Joanne Rohde is the chief executive officer and co-founder of Axial Exchange. She brings 30 years of experience to her role and has grown companies using “disruptive business models.” Prior to Axial Exchange, she served as the COO and director of health IT strategy at Red Hat, as well as was the CIO of UBS Investment Banking IT. She’s passionate about healthcare because it’s personal; healthcare is a personal business and with the advent of patient engagement, healthcare is even more so personal than its ever been.
Here she discusses the reasoning for her venturing into to healthcare and Axial’s creation, the company’s mission, what “patient engagement” is to her, how “patient engagement” is changing healthcare and Axial’s solution set. Finally, she addresses what she feels are the most pressing issues facing the healthcare as a whole. Her perspectives are deeply insightful; the following is well worth the read.
Can you tell us about yourself and your background prior to starting Axial Exchange? Why healthcare?
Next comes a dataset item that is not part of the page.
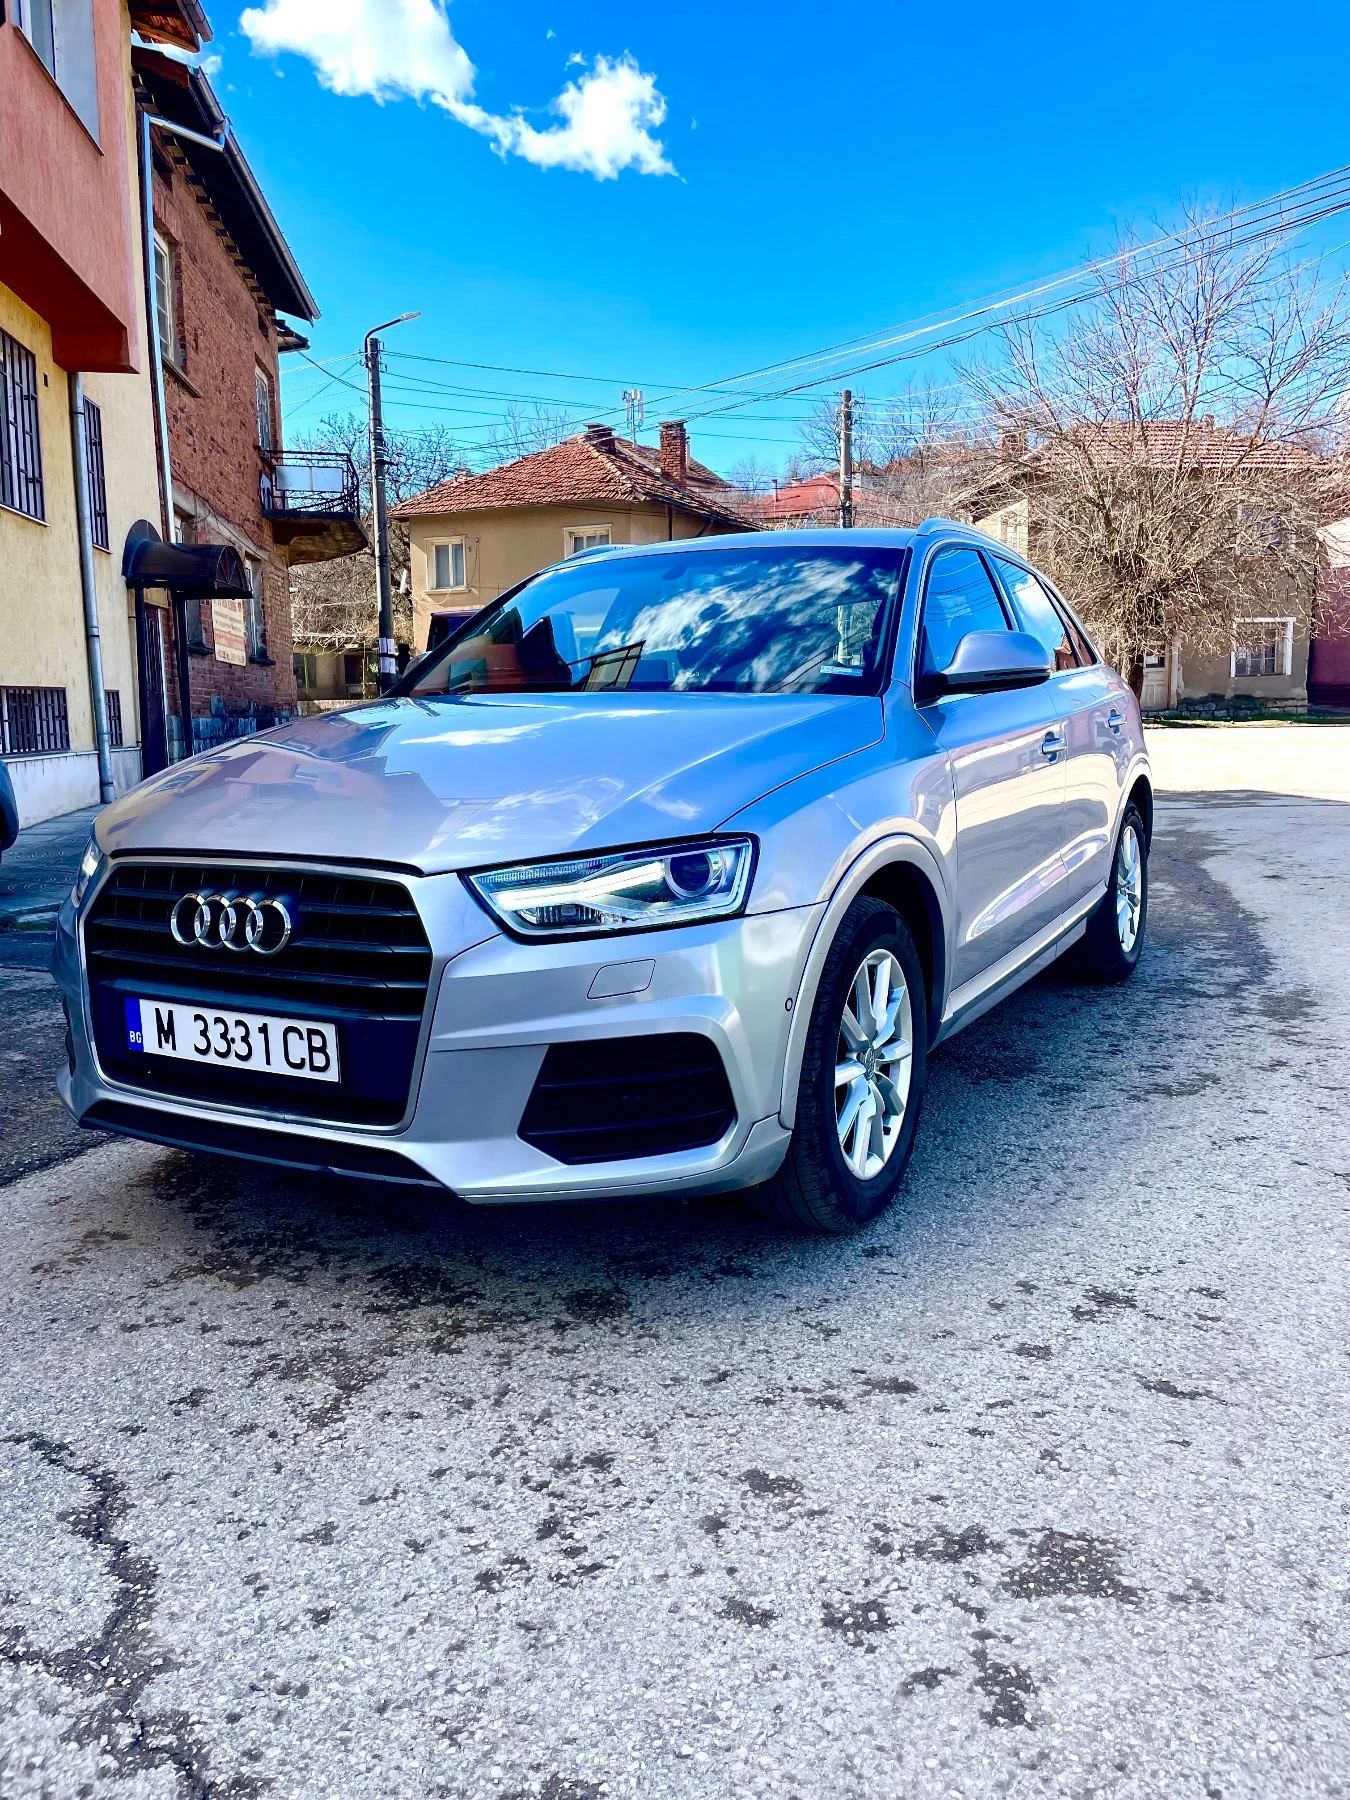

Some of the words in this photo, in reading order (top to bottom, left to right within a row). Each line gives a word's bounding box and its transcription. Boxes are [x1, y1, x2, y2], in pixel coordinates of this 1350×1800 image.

I spent most of my career in finance and technology. If I had a personal tagline, it would be that I like to build disruptive businesses in old industries. I did this in finance, with a company called O’Connor and Associates, which brought derivatives and computers to the financial industry when derivatives were still used to hedge real transactions. Then at Red Hat, we brought the benefits of open source to the enterprise, revolutionizing the software industry. Healthcare is one of the most inefficient industries in our country, and it affects every one of us. It is ripe for disruption.
What was your motivation in starting Axial Exchange? Perhaps you can tell me more about your entrepreneurial spirit and journey. Do you have other plans for new business lines in the works presently?
I was COO of a rapidly growing global technology company, Red Hat, when I became ill. Over the course of two years I became too sick to walk up a flight of stairs. I was in constant pain, and couldn’t speak properly. It took two years and 10 doctors to properly diagnose me. As I went from doctor to doctor, it became clear that I was starting over with each doctor — they couldn’t share information, and that lack of information sharing made it difficult for them and for me. It was also apparent that when I would go into their offices, they’d take tests and check symptoms, but they were point-in-time analysis — if I had a bad situation a week prior, it wouldn’t be captured. It occurred to me that my story was in part every American’s story and the current system frustrated both doctors and patients alike.
We are just at the beginning of what we can do to improve the patient-doctor experience. The rapid advances of wearable devices is our current area of focus. We want patients to understand their own health patterns, and to securely share that key biometric information with their physicians so each appointment can be fact-based, not “recall” based. Our next area of focus is real-time case management. What if you could get in touch with a recently released cardiac patient precisely when they were at the most risk instead of waiting for a crisis that lands them back in the hospital? These kind of timely, specific interventions can be a reality with the integration of our application back to the care managers.